=== Task details ===
Below are records. Return each one exactly as written.

[Referring expression grounding data]

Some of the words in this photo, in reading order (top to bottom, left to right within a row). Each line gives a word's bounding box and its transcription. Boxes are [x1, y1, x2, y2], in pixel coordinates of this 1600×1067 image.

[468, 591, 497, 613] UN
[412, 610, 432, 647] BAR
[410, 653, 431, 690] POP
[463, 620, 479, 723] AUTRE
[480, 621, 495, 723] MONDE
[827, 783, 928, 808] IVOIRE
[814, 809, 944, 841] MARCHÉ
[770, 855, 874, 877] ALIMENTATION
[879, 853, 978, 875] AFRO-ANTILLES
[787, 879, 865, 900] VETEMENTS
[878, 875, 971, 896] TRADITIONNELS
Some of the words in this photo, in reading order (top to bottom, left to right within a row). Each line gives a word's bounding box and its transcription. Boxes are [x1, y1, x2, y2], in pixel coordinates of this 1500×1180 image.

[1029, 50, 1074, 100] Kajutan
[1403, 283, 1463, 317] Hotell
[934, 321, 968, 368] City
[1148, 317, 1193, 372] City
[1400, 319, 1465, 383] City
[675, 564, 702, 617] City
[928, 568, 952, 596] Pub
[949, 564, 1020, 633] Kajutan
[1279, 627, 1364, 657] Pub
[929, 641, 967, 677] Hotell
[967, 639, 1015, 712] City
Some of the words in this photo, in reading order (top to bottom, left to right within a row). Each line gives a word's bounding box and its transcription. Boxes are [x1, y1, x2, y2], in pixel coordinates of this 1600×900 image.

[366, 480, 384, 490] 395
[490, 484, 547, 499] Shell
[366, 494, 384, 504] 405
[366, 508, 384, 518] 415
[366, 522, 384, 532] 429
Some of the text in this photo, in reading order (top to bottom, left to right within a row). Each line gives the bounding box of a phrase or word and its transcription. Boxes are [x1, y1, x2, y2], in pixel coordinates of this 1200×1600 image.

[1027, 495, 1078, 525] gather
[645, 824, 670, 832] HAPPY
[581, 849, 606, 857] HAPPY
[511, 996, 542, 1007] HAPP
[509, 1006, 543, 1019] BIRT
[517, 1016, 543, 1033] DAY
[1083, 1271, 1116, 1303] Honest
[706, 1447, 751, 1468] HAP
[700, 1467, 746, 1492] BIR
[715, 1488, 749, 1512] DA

=== Expected output ===
Some of the words in this photo, in reading order (top to bottom, left to right within a row). Each line gives a word's bounding box and its transcription. Boxes are [x1, y1, x2, y2], in pixel coordinates of this 1600×1067 image.

[468, 591, 497, 613] UN
[412, 610, 432, 647] BAR
[410, 653, 431, 690] POP
[463, 620, 479, 723] AUTRE
[480, 621, 495, 723] MONDE
[827, 783, 928, 808] IVOIRE
[814, 809, 944, 841] MARCHÉ
[770, 855, 874, 877] ALIMENTATION
[879, 853, 978, 875] AFRO-ANTILLES
[787, 879, 865, 900] VETEMENTS
[878, 875, 971, 896] TRADITIONNELS
Some of the words in this photo, in reading order (top to bottom, left to right within a row). Each line gives a word's bounding box and its transcription. Boxes are [x1, y1, x2, y2], in pixel coordinates of this 1500×1180 image.

[1029, 50, 1074, 100] Kajutan
[1403, 283, 1463, 317] Hotell
[934, 321, 968, 368] City
[1148, 317, 1193, 372] City
[1400, 319, 1465, 383] City
[675, 564, 702, 617] City
[928, 568, 952, 596] Pub
[949, 564, 1020, 633] Kajutan
[1279, 627, 1364, 657] Pub
[929, 641, 967, 677] Hotell
[967, 639, 1015, 712] City
Some of the words in this photo, in reading order (top to bottom, left to right within a row). Each line gives a word's bounding box and its transcription. Boxes are [x1, y1, x2, y2], in pixel coordinates of this 1600×900 image.

[366, 480, 384, 490] 395
[490, 484, 547, 499] Shell
[366, 494, 384, 504] 405
[366, 508, 384, 518] 415
[366, 522, 384, 532] 429
Some of the text in this photo, in reading order (top to bottom, left to right within a row). Each line gives the bounding box of a phrase or word and its transcription. Boxes are [x1, y1, x2, y2], in pixel coordinates of this 1200×1600 image.

[1027, 495, 1078, 525] gather
[645, 824, 670, 832] HAPPY
[581, 849, 606, 857] HAPPY
[511, 996, 542, 1007] HAPP
[509, 1006, 543, 1019] BIRT
[517, 1016, 543, 1033] DAY
[1083, 1271, 1116, 1303] Honest
[706, 1447, 751, 1468] HAP
[700, 1467, 746, 1492] BIR
[715, 1488, 749, 1512] DA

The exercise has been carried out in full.